··· Data provided ···

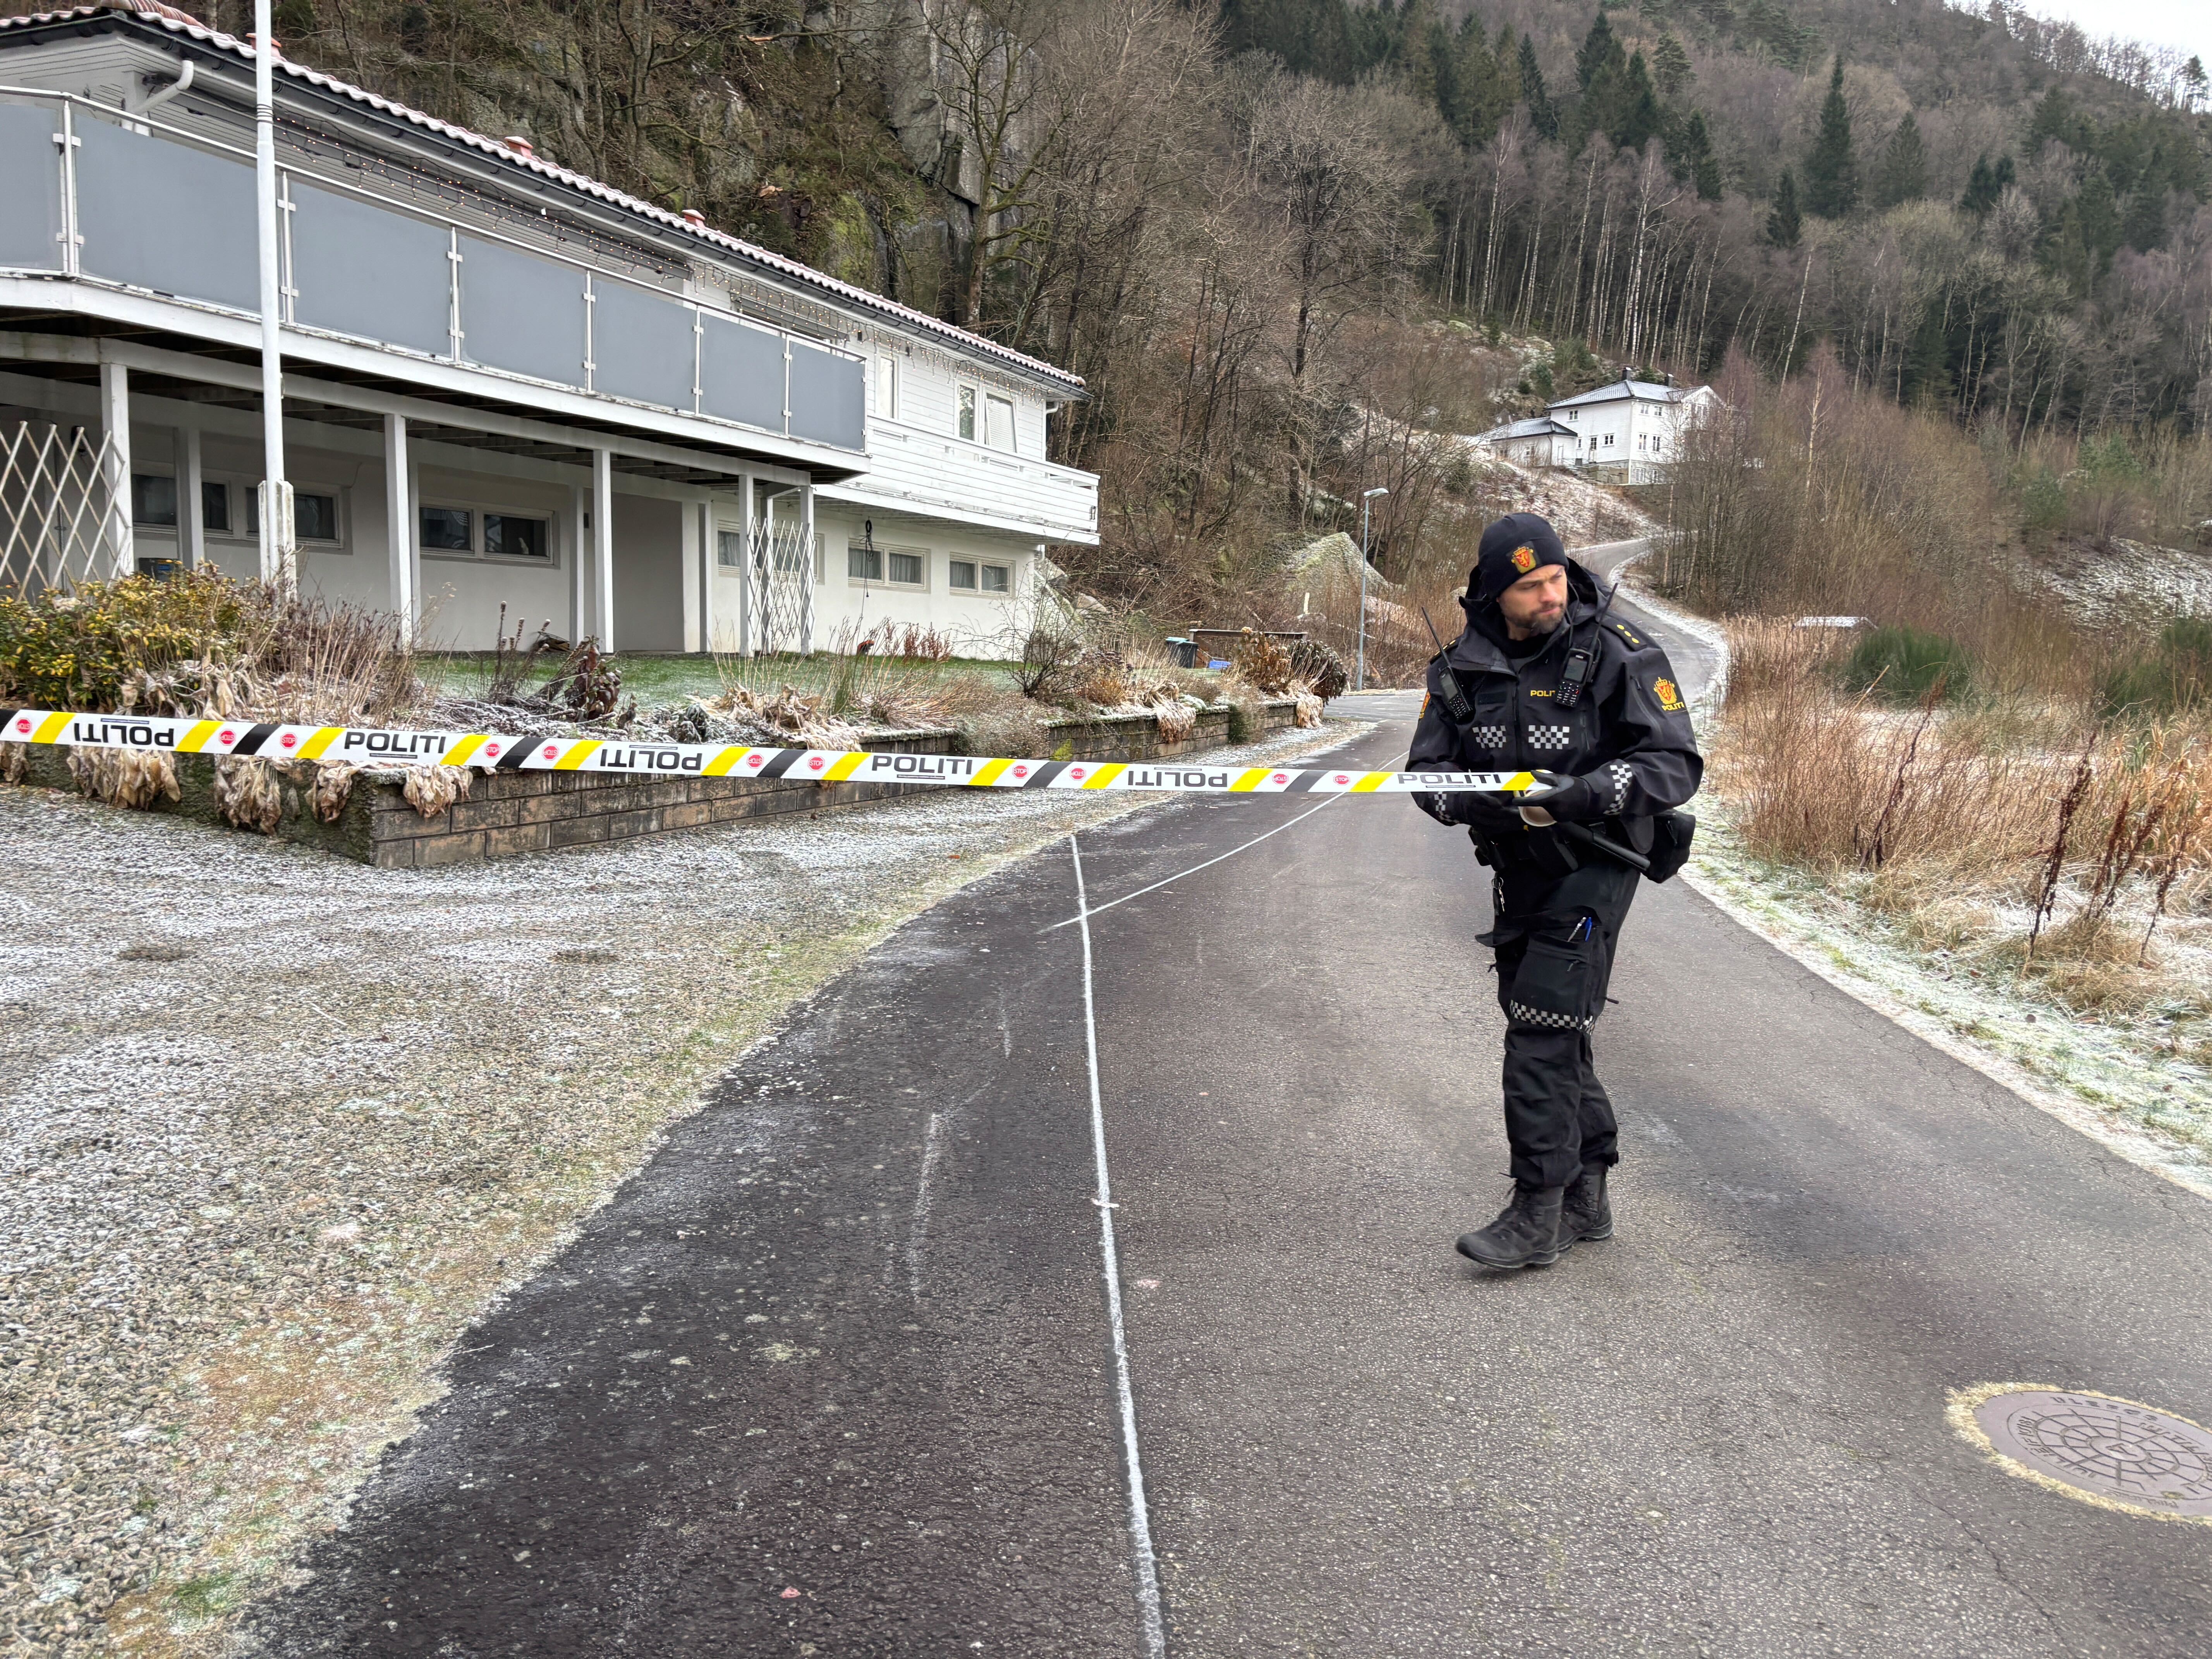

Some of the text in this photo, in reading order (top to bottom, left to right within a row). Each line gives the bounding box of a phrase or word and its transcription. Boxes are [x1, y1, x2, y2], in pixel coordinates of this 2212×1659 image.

[1662, 702, 1685, 711] POLITI
[74, 723, 174, 747] POLITI
[344, 732, 446, 754] POLITI
[600, 749, 702, 770] POLITI
[872, 756, 972, 775] POLITI
[1128, 771, 1227, 787] POLITI
[1397, 774, 1501, 784] POLITI
[2050, 1397, 2158, 1421] ULEFOS
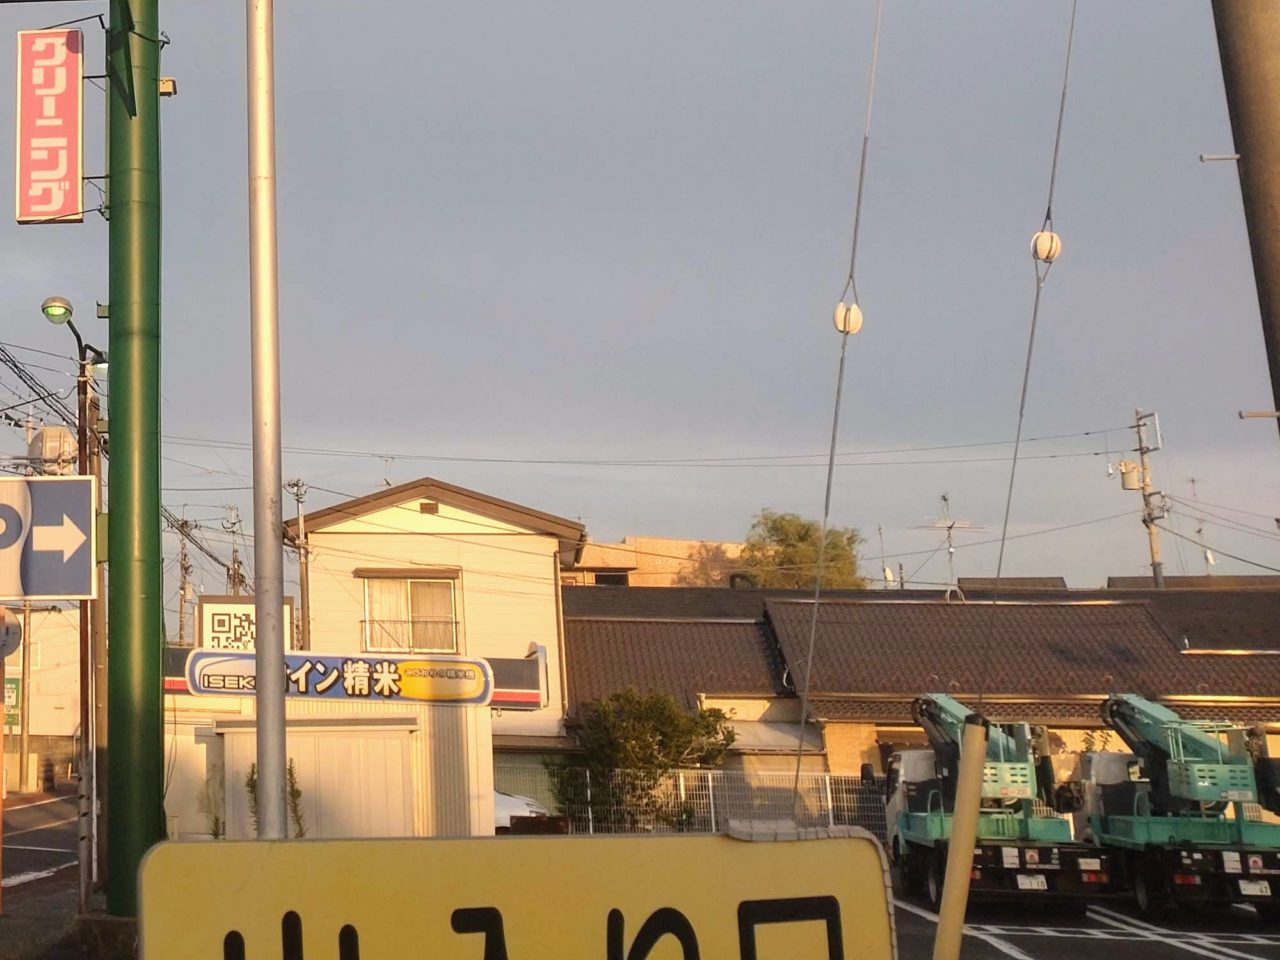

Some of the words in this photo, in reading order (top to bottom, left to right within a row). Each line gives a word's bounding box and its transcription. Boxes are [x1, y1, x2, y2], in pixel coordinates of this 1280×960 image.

[28, 37, 70, 212] クリーニング
[202, 673, 256, 690] ISEK
[284, 659, 402, 698] イン精米
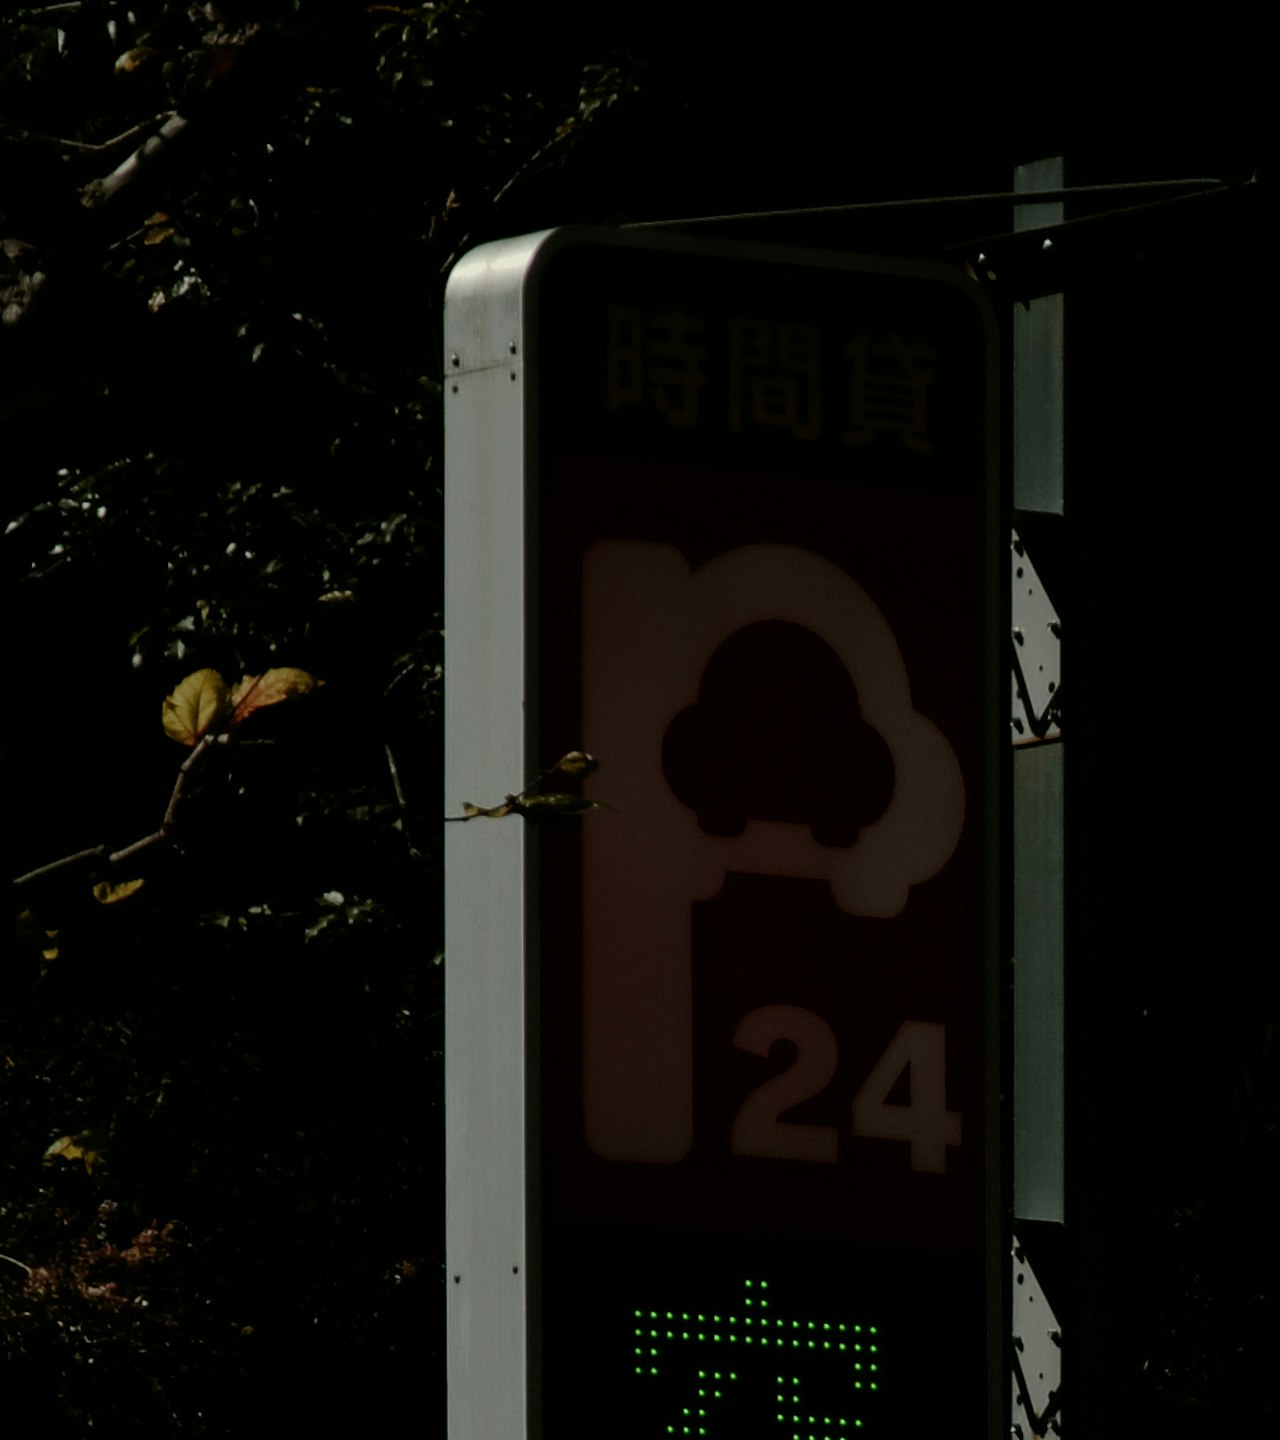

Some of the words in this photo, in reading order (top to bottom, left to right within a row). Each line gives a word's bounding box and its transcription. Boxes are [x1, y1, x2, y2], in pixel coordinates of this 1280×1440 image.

[606, 302, 938, 454] 時間貸
[730, 1004, 963, 1174] 24

···

- [What is being asked]: Your copy should hold all the data word for word. It should hold no pictures.

- [Written solution]:
Some of the text in this photo, in reading order (top to bottom, left to right within a row). Each line gives the bounding box of a phrase or word and its transcription. Boxes are [x1, y1, x2, y2], in pixel coordinates of this 2212×1659 image.

[1662, 702, 1685, 711] POLITI
[74, 723, 174, 747] POLITI
[344, 732, 446, 754] POLITI
[600, 749, 702, 770] POLITI
[872, 756, 972, 775] POLITI
[1128, 771, 1227, 787] POLITI
[1397, 774, 1501, 784] POLITI
[2050, 1397, 2158, 1421] ULEFOS

Some of the words in this photo, in reading order (top to bottom, left to right within a row). Each line gives a word's bounding box and its transcription. Boxes are [x1, y1, x2, y2], in pixel coordinates of this 1280×960 image.

[28, 37, 70, 212] クリーニング
[202, 673, 256, 690] ISEK
[284, 659, 402, 698] イン精米

Some of the words in this photo, in reading order (top to bottom, left to right within a row). Each line gives a word's bounding box and its transcription. Boxes are [x1, y1, x2, y2], in pixel coordinates of this 1280×1440 image.

[606, 302, 938, 454] 時間貸
[730, 1004, 963, 1174] 24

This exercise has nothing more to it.